Massive discrimination by Uber et al drivers.
Black people can’t get Uber drivers to pick them up, and women have drivers who want to pick them up too much
A new study published Monday by the Massachusetts Institute of Technology finds that racial and gender discrimination are rampant among Uber, Lyft, and Flywheel drivers.
The study, which studied the behavior of UberX, Lyft, and Flywheel drivers in Seattle and Boston, appeared on the National Bureau of Economic Research’s website. It involved nearly 1,500 rides across both cities.It found that male customers with names that sounded African-American were more than twice as likely to have their rides canceled by the drivers than their white counterparts (11.2 percent to 4.5 percent), while women with African-American names were nearly twice as likely to experience that outcome than white women (8.4 percent to 5.4 percent).
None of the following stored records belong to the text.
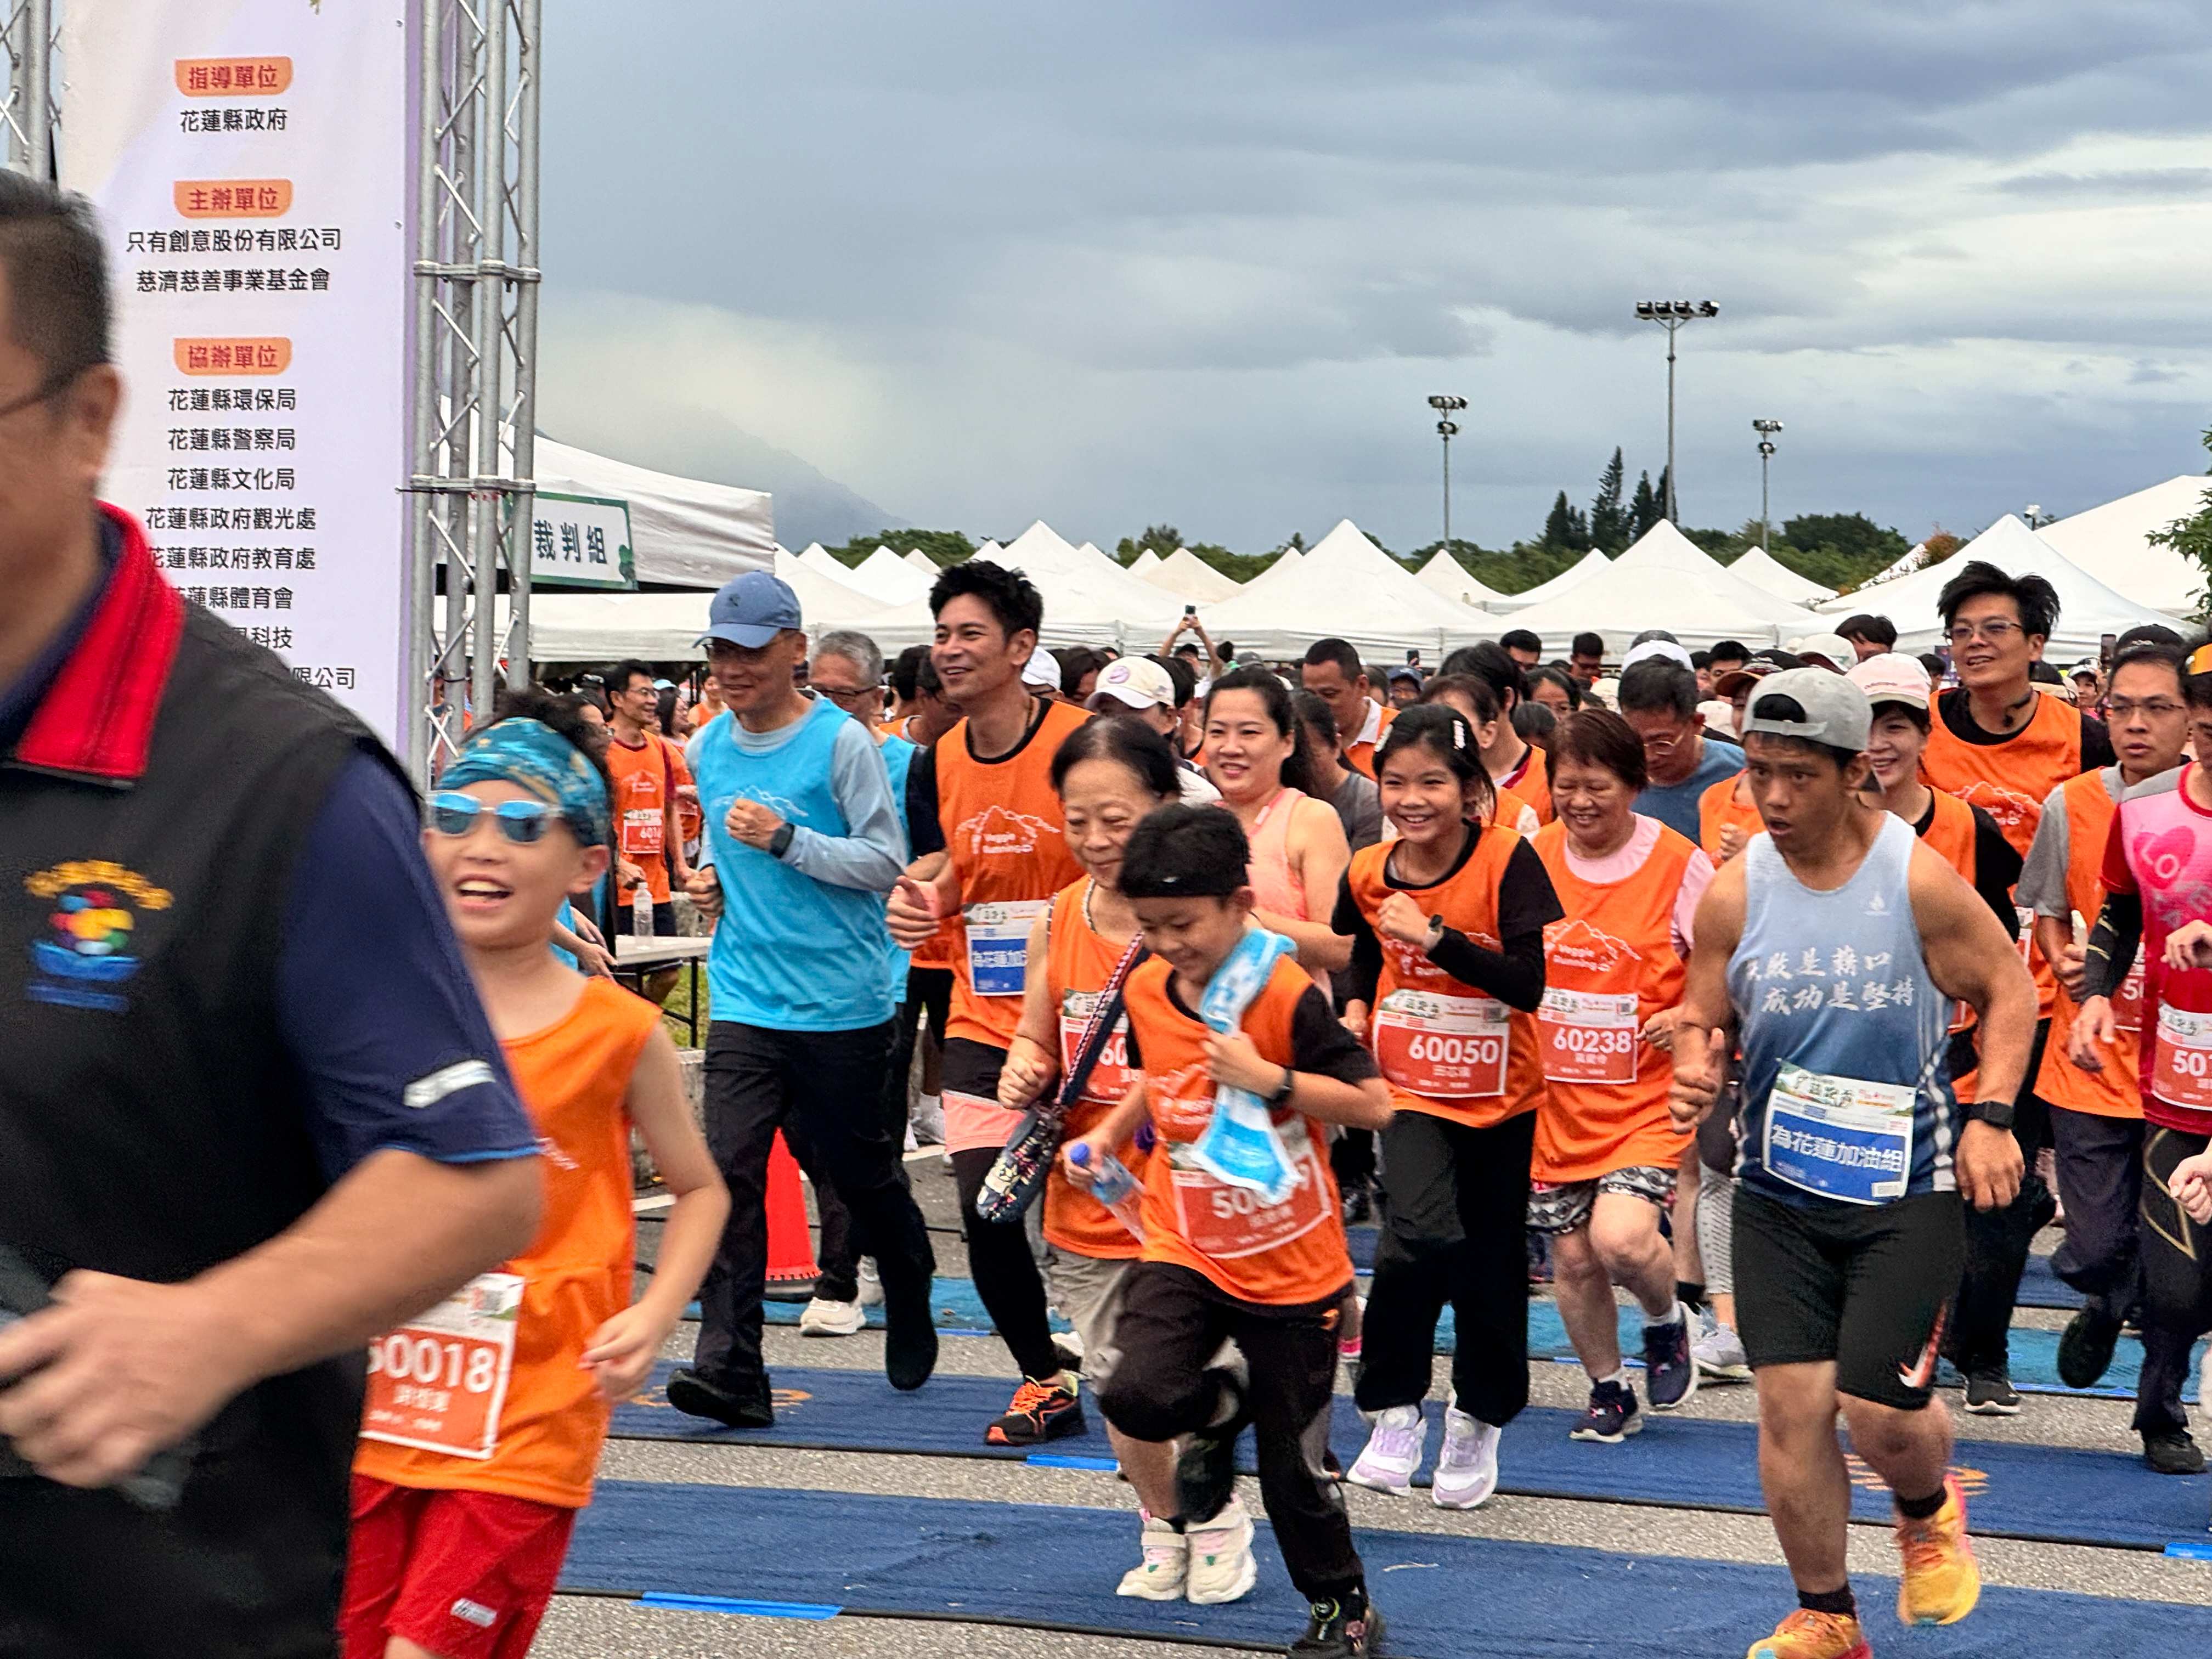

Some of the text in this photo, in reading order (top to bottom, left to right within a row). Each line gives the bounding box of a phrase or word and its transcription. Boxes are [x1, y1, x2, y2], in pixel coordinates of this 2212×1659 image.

[189, 64, 278, 89] 指導單位
[180, 108, 287, 133] 花蓮縣政府
[188, 187, 279, 211] 主辦單位
[126, 228, 341, 253] 只有創意股份有限公司
[136, 267, 331, 292] 慈濟慈善事業基金會
[189, 345, 278, 368] 協辦單位
[167, 388, 296, 411] 花蓮縣環保局
[167, 428, 296, 451] 花蓮縣警察局
[167, 467, 295, 490] 花蓮縣文化局
[146, 507, 317, 531] 花蓮縣政府觀光處
[533, 520, 607, 564] 裁判組
[1760, 975, 1915, 1015] 成功是堅持
[1408, 1035, 1500, 1064] 60050
[1553, 1027, 1632, 1054] 60238
[1772, 1124, 1904, 1172] 為花蓮加油組
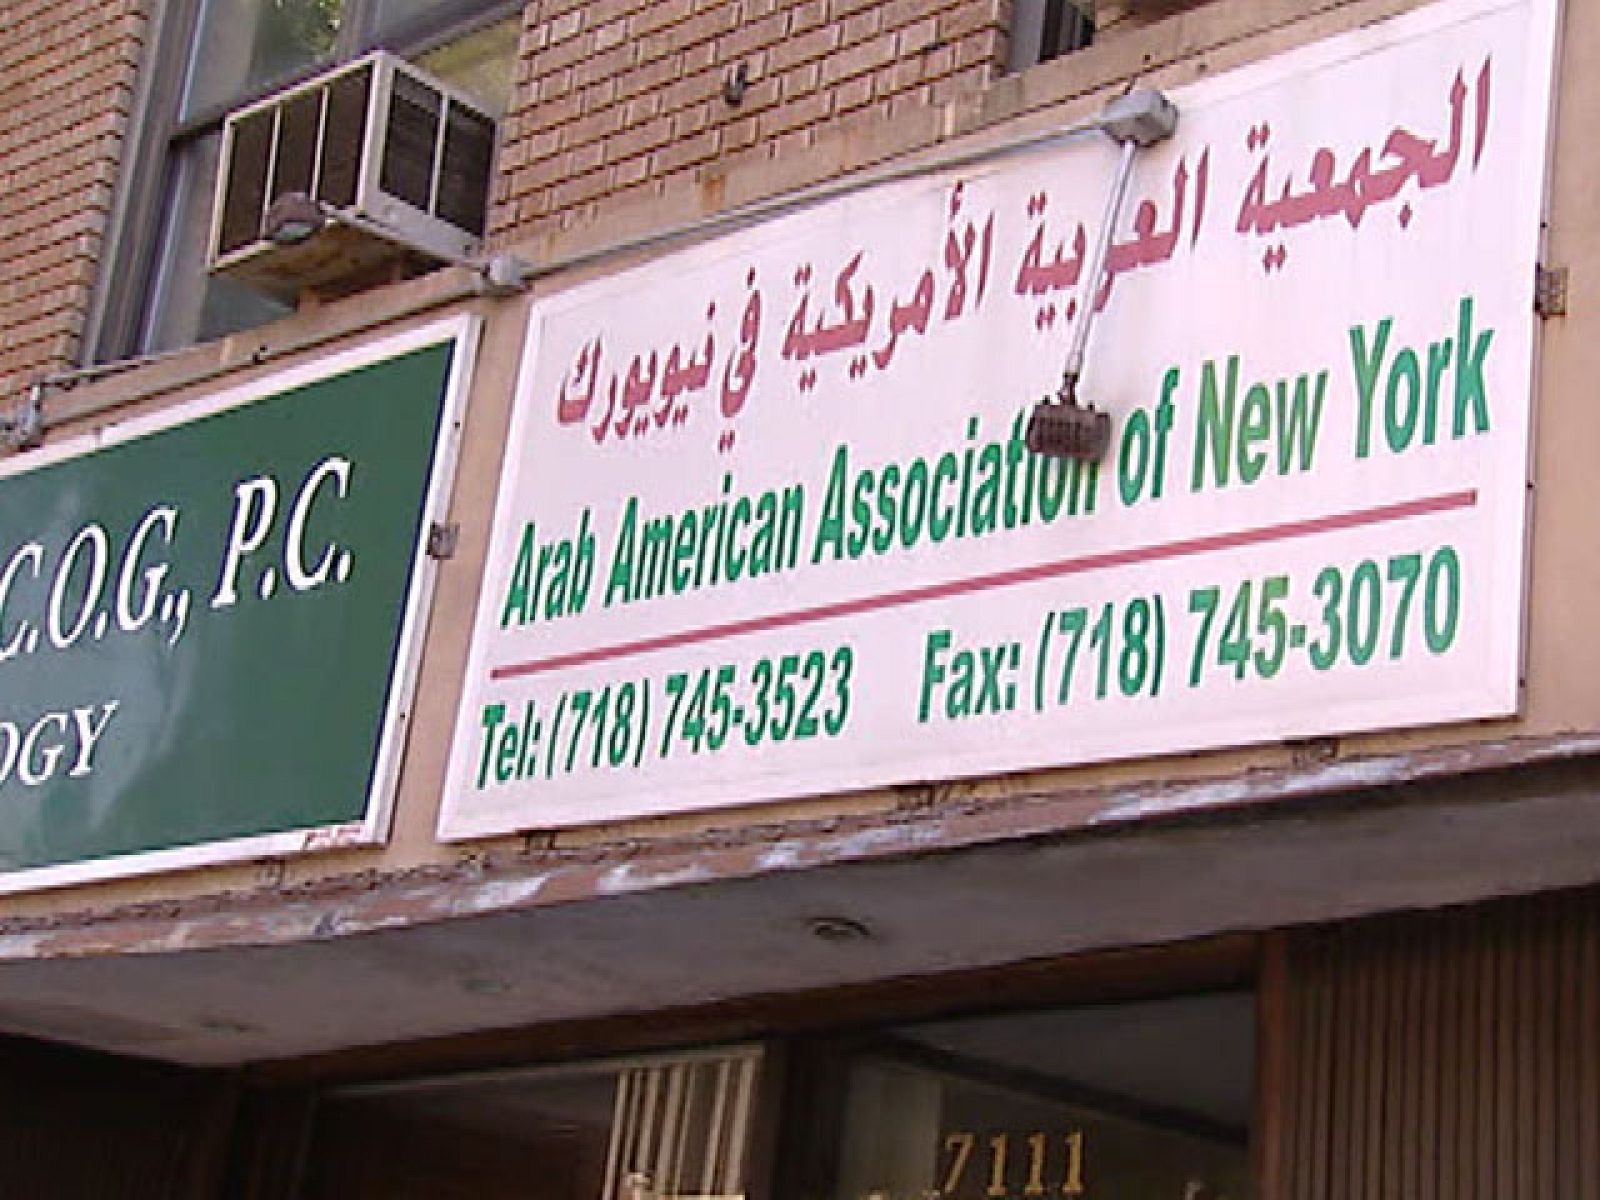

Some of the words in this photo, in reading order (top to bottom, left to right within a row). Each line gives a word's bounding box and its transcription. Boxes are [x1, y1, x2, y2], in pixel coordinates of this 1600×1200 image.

[1014, 144, 1210, 331] العربية
[1236, 54, 1491, 273] الجمعية
[557, 301, 717, 443] نيويورك
[720, 266, 762, 453] في
[781, 180, 995, 390] الأمريكية
[210, 456, 352, 609] P.C.
[500, 507, 597, 628] Arab
[602, 472, 806, 608] American
[810, 406, 1101, 564] Association
[1116, 366, 1182, 506] of
[1189, 354, 1330, 494] New
[1347, 296, 1495, 459] York
[659, 646, 856, 758] 745-3523
[917, 630, 1022, 723] Fax:
[1034, 594, 1167, 713] (718)
[1187, 545, 1462, 687] 745-3070
[942, 1128, 1084, 1197] 7111
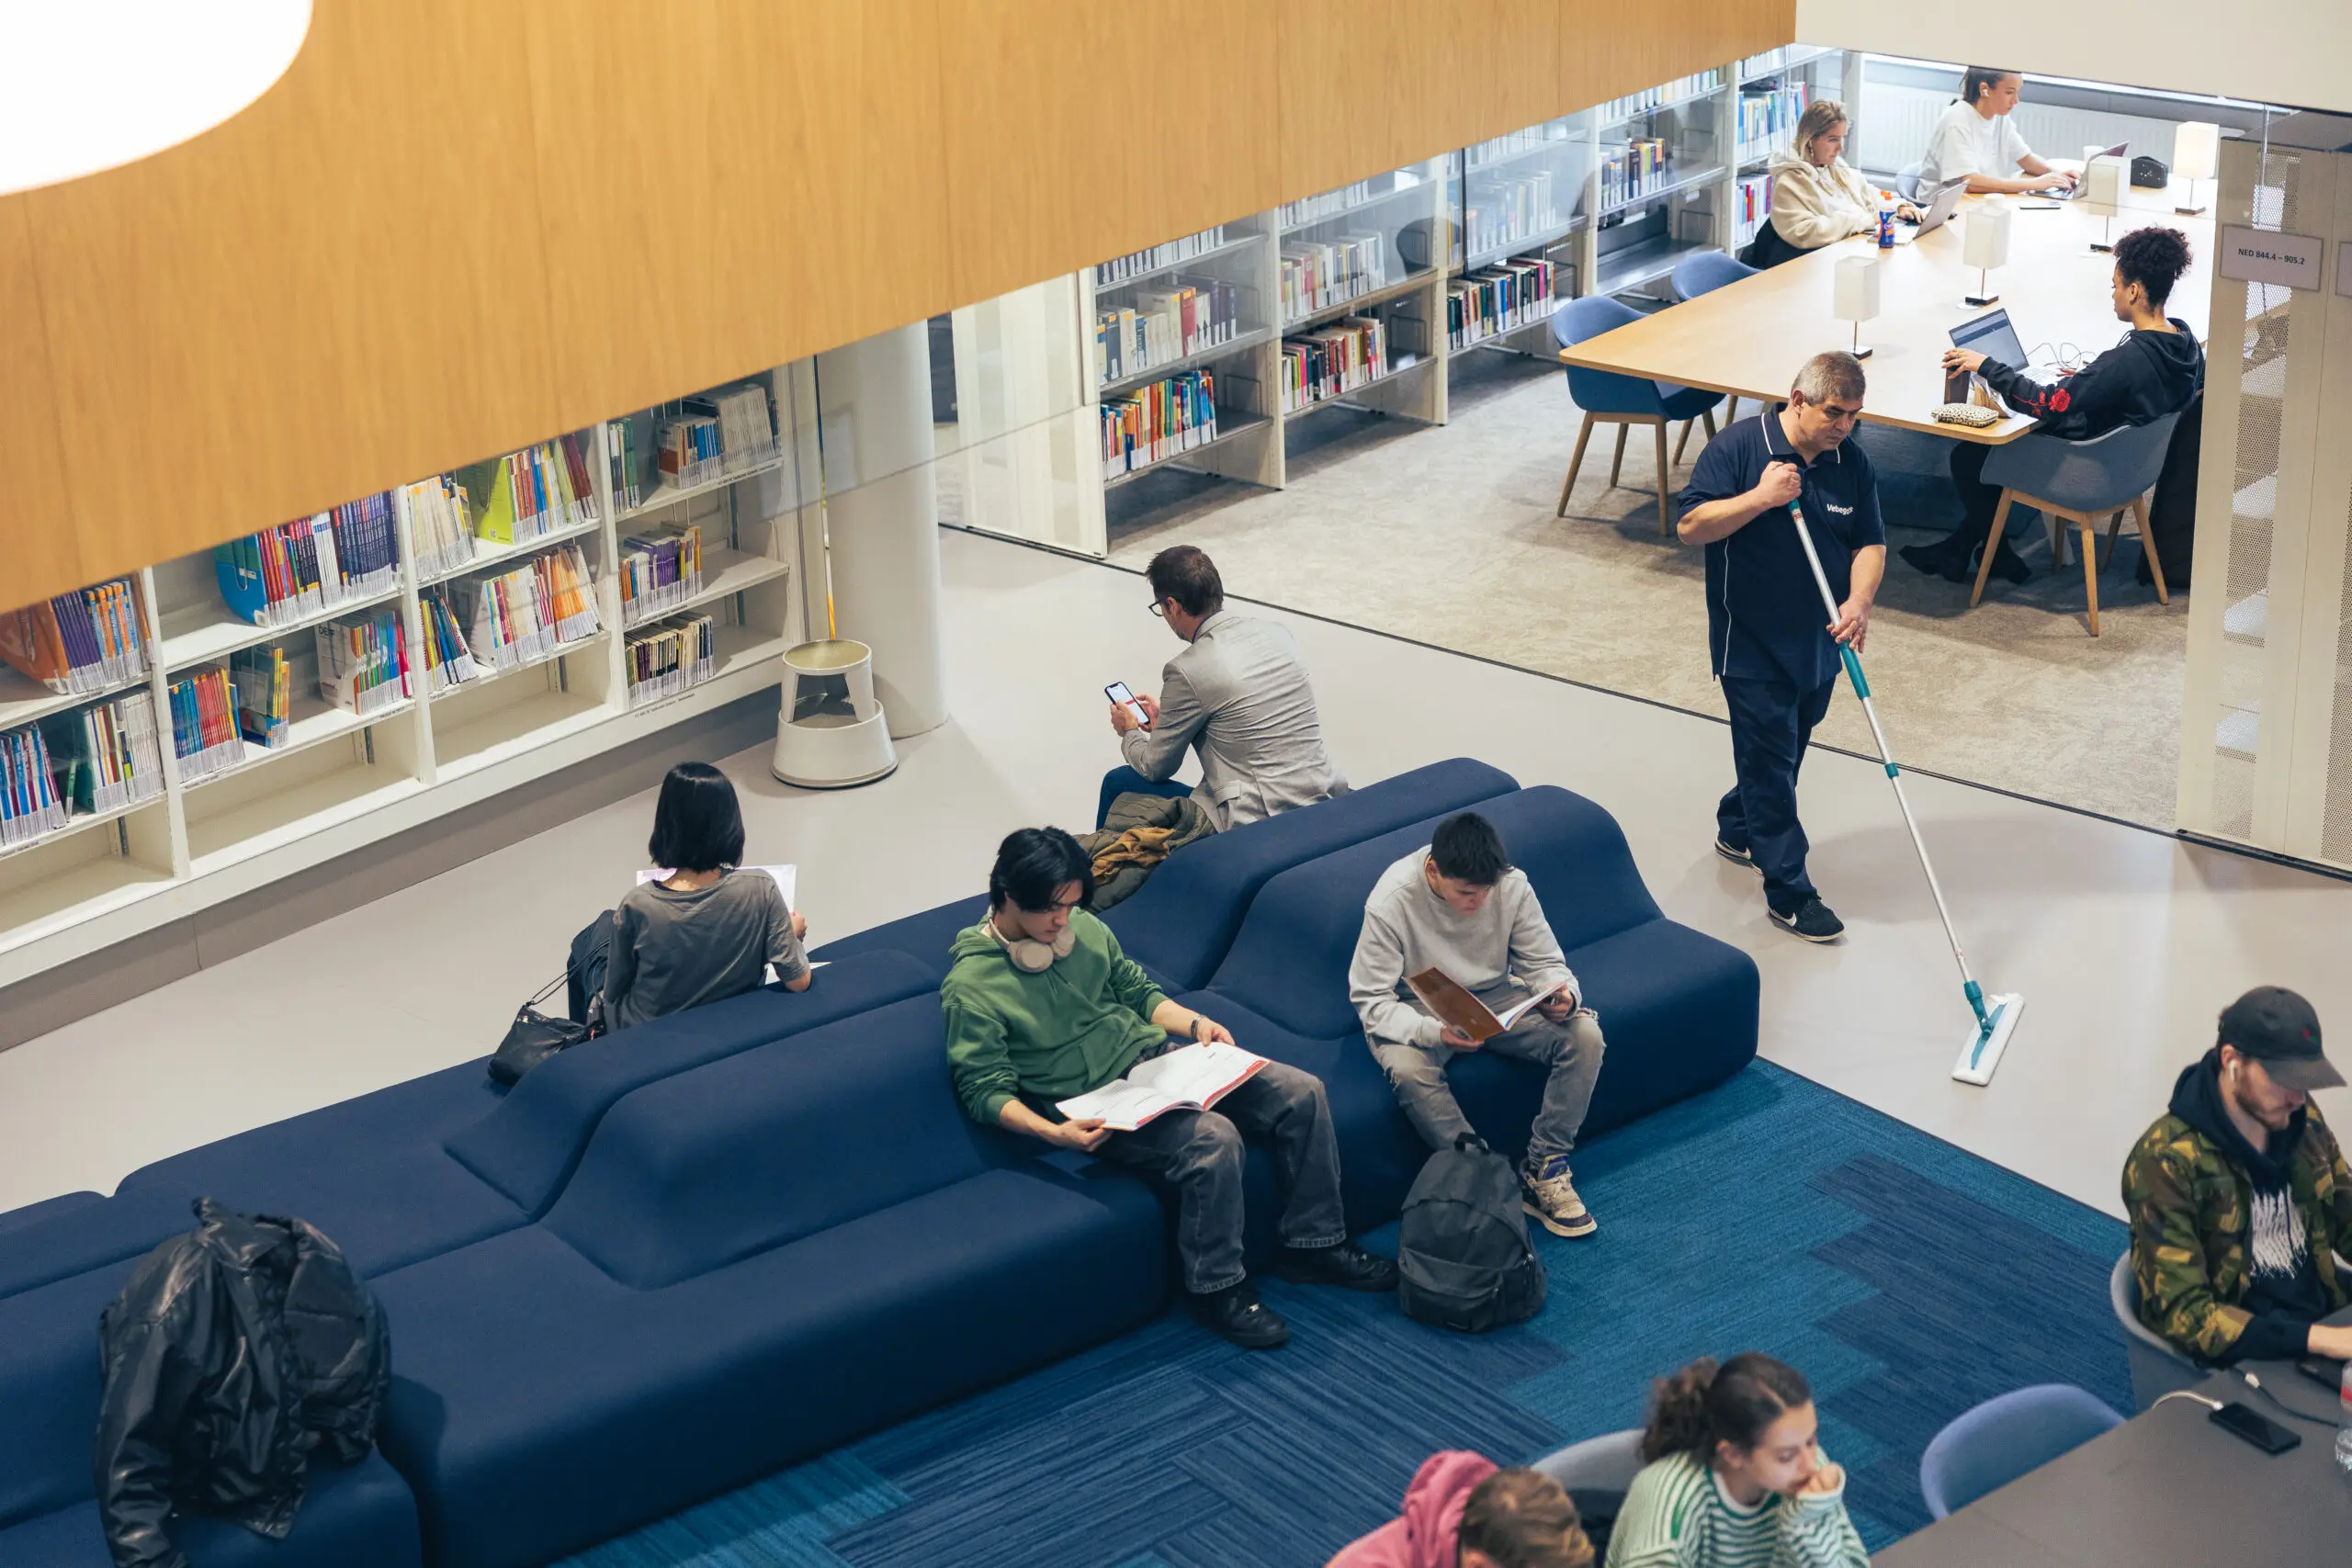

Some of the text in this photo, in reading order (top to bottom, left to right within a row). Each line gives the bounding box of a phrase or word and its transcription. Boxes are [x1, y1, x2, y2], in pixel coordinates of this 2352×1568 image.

[2238, 248, 2254, 256] NED
[2256, 251, 2276, 260] 844.4
[2284, 255, 2305, 265] 905.2
[318, 626, 335, 637] DEF
In areas with low population densities, the cancellation rate for African Americans skyrocketed to 15.7 percent —three times that of white males.
Similarly, black customers in Seattle could expect to wait an average of 8 percent longer than white customers in terms of overall time. Women in Boston were driven an average of 6 percent further than men. Both women and African-Americans in general had to face slightly longer and often more expensive rides as a result of drivers either choosing longer routes or simply taking more time during the ride itself.